Breast Conserving Surgery

Breast conserving surgery is typically referred to as a lumpectomy, but is also known as a segmental mastectomy, segmentectomy, partial mastectomy, or wide excision. Lumpectomy is a surgery to remove only the tumor and a small margin of the normal tissue around it. So, the breast looks as close as possible to how it did before surgery. Most often, the general shape of the breast and the nipple area are kept.

Radiation therapy is important following lumpectomy to reduce the risk of the cancer recurring (coming back) in the breast. Radiation lowers the chances of the cancer recurring in the breast to about 5-10%. Studies have shown that overall survival with lumpectomy plus radiation therapy is the same as with mastectomy.

Approximately 80-90% of the time, clear margins can be achieved at the first surgery. Some women require a second procedure (generally called a re-excision) to clear a margin.
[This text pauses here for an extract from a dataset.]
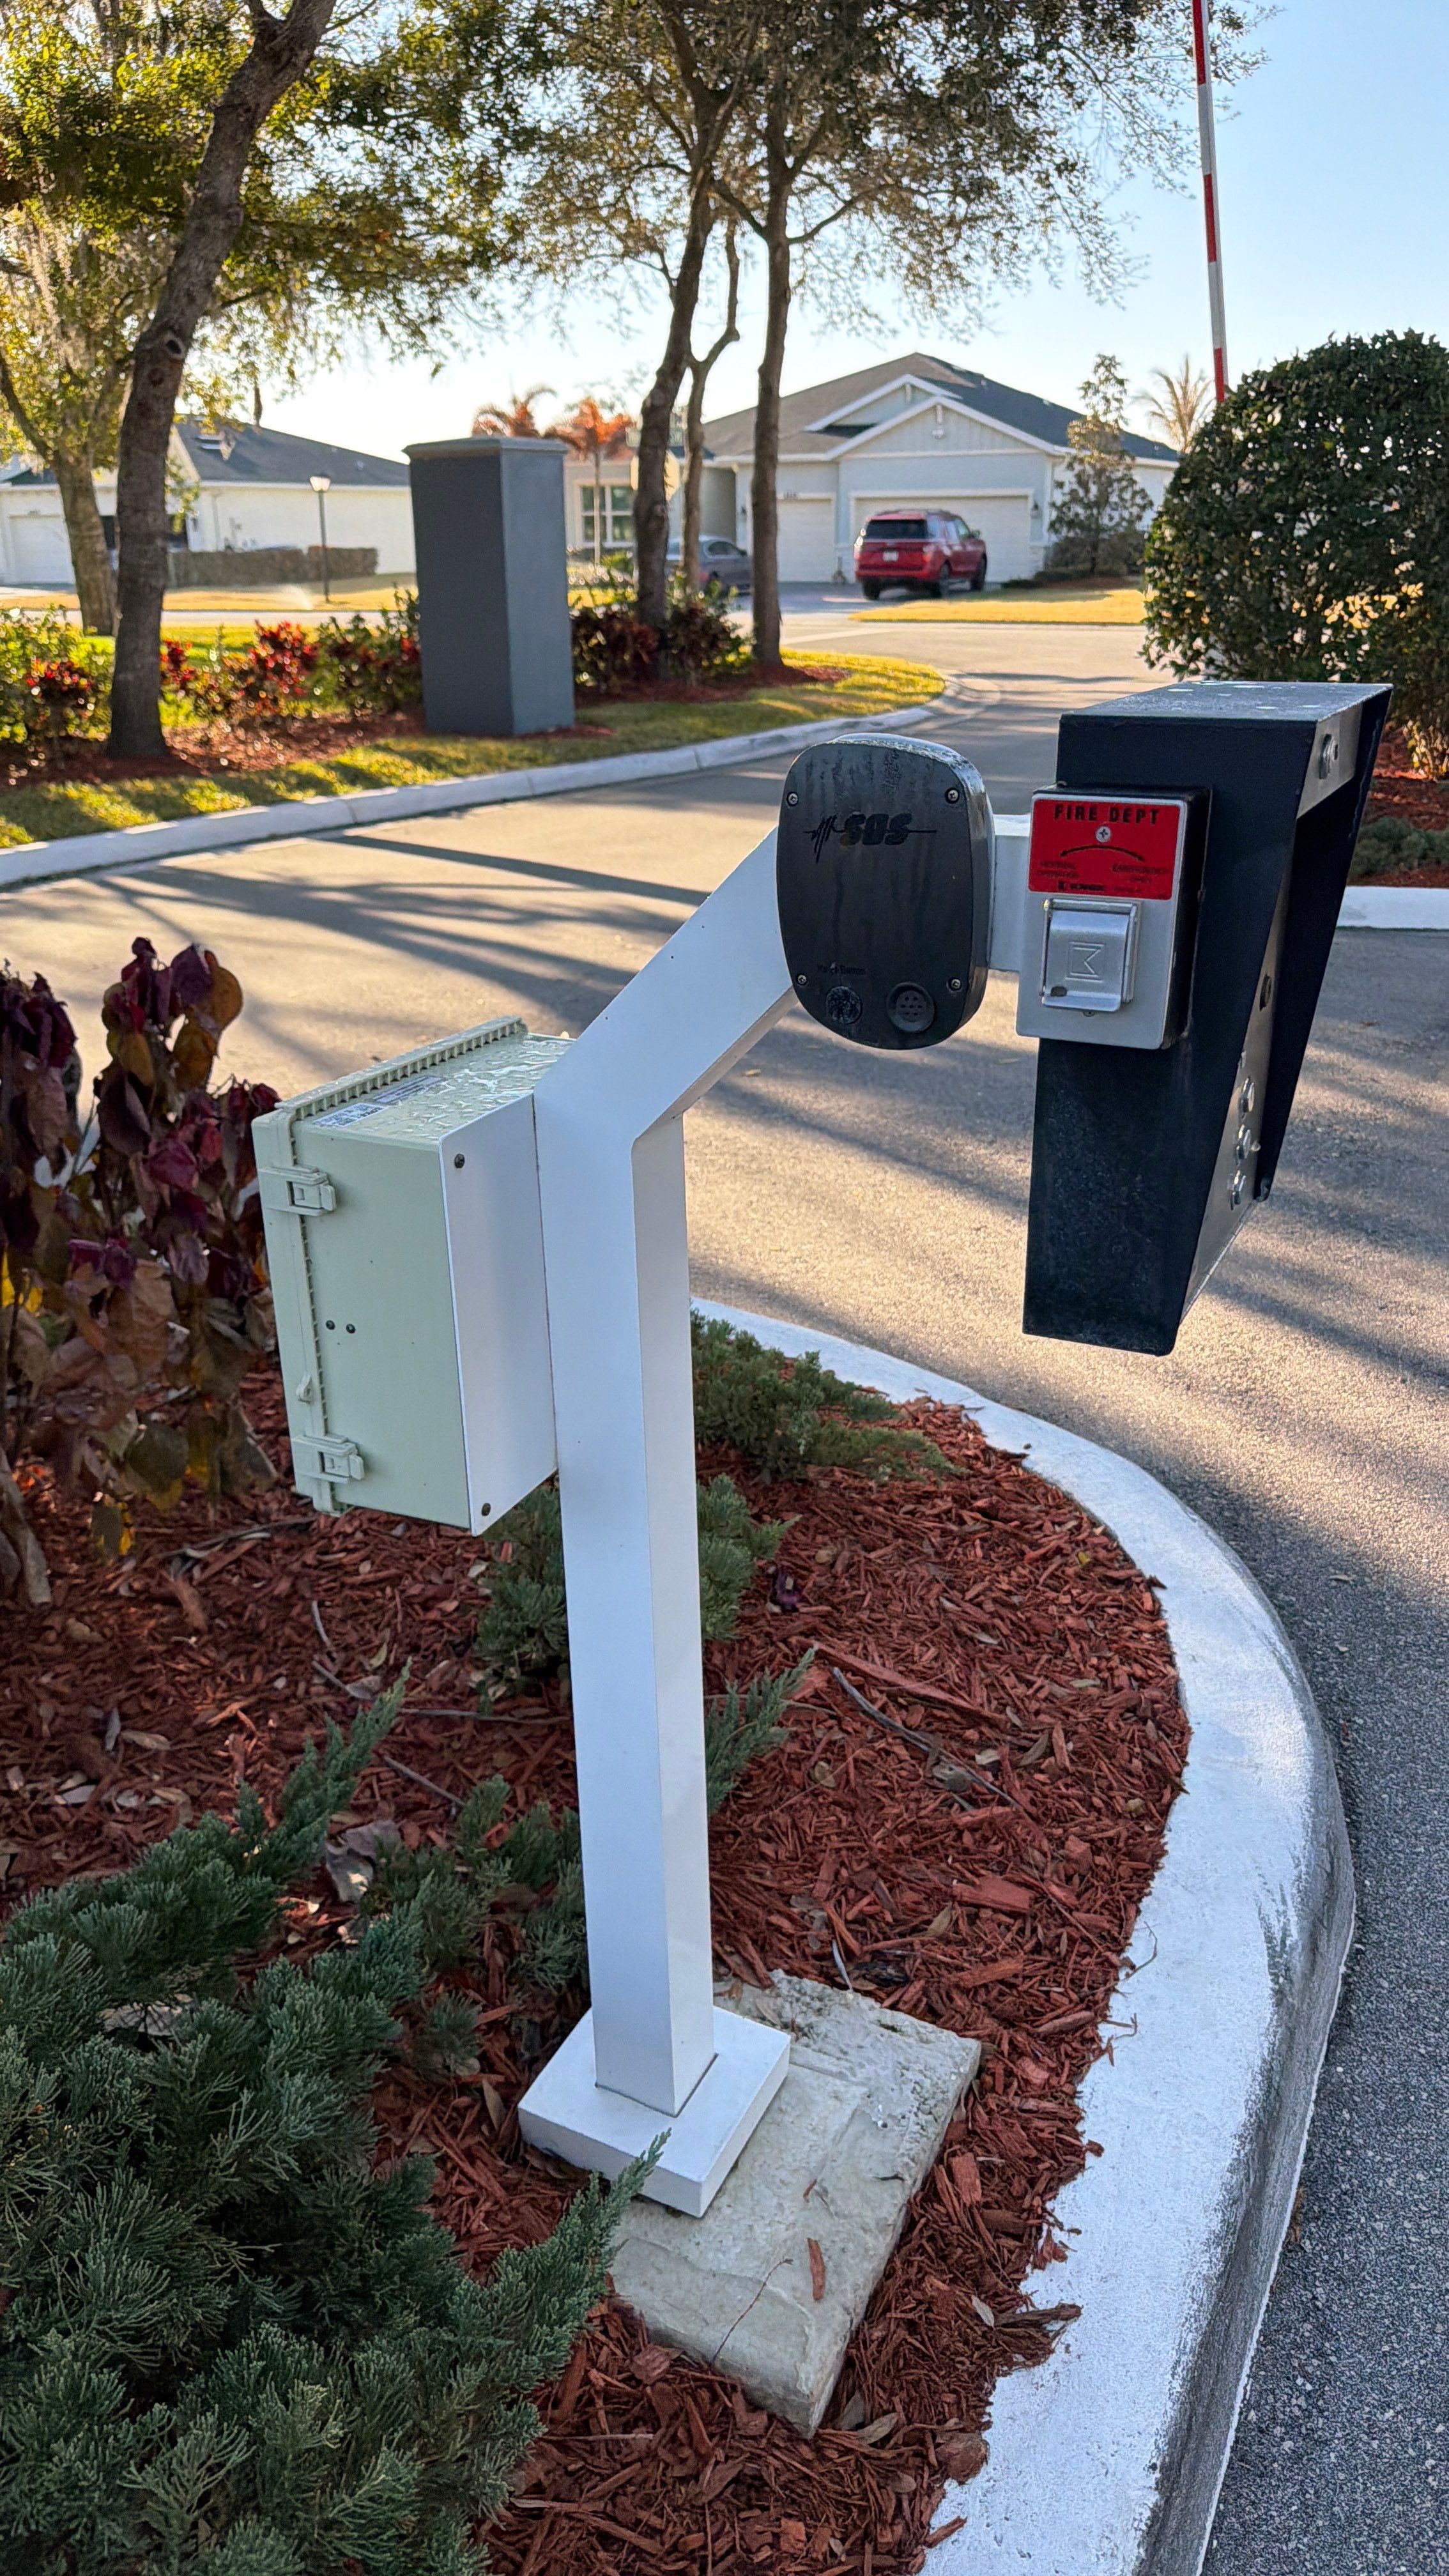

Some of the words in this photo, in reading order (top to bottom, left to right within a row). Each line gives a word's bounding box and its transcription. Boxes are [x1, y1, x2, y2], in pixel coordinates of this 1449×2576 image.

[1054, 804, 1098, 821] FIRE
[1109, 807, 1160, 824] DEPT
[840, 812, 912, 846] SOS
Often times, small metallic (titanium) clips are placed at the time of lumpectomy by the surgeon to mark the location of the tumor. This helps the radiation oncologist target the radiation treatment. It is also helpful for follow-up, since the location of the original tumor can be easily identified on mammogram by the clips. Lumpectomy is typically performed in an outpatient setting, and does not require staying in the hospital.
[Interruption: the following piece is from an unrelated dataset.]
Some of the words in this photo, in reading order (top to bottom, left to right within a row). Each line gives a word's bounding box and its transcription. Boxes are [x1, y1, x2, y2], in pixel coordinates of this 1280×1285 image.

To determine if lumpectomy is an option for you, your doctor needs to consider several factors, including:

  • Whether the tumor can be removed with clear margins
  • Whether the remaining breast tissue can be preserved with a natural shape
  • Whether radiation therapy can be performed
  • Whether the breast can be followed reliably in the future for recurrence, and
  • Your personal preference.

Oncoplasty

A surgical technique performed at the time of lumpectomy by your breast surgeon or a plastic surgeon. In essence, it is reconstruction after lumpectomy, and involves locally advancing and moving parts of your remaining breast tissue to fill in the space left behind after the lumpectomy. Depending on the size and location of the tumor, this technique may be used to help achieve a better cosmetic result.

Neoadjuvant (Pre-Operative) Therapy

Sometimes, if the tumor is too big to remove with lumpectomy, your surgeon may consider giving you medications before surgery to reduce the size of the tumor. Medications may include chemotherapy or hormonal therapy.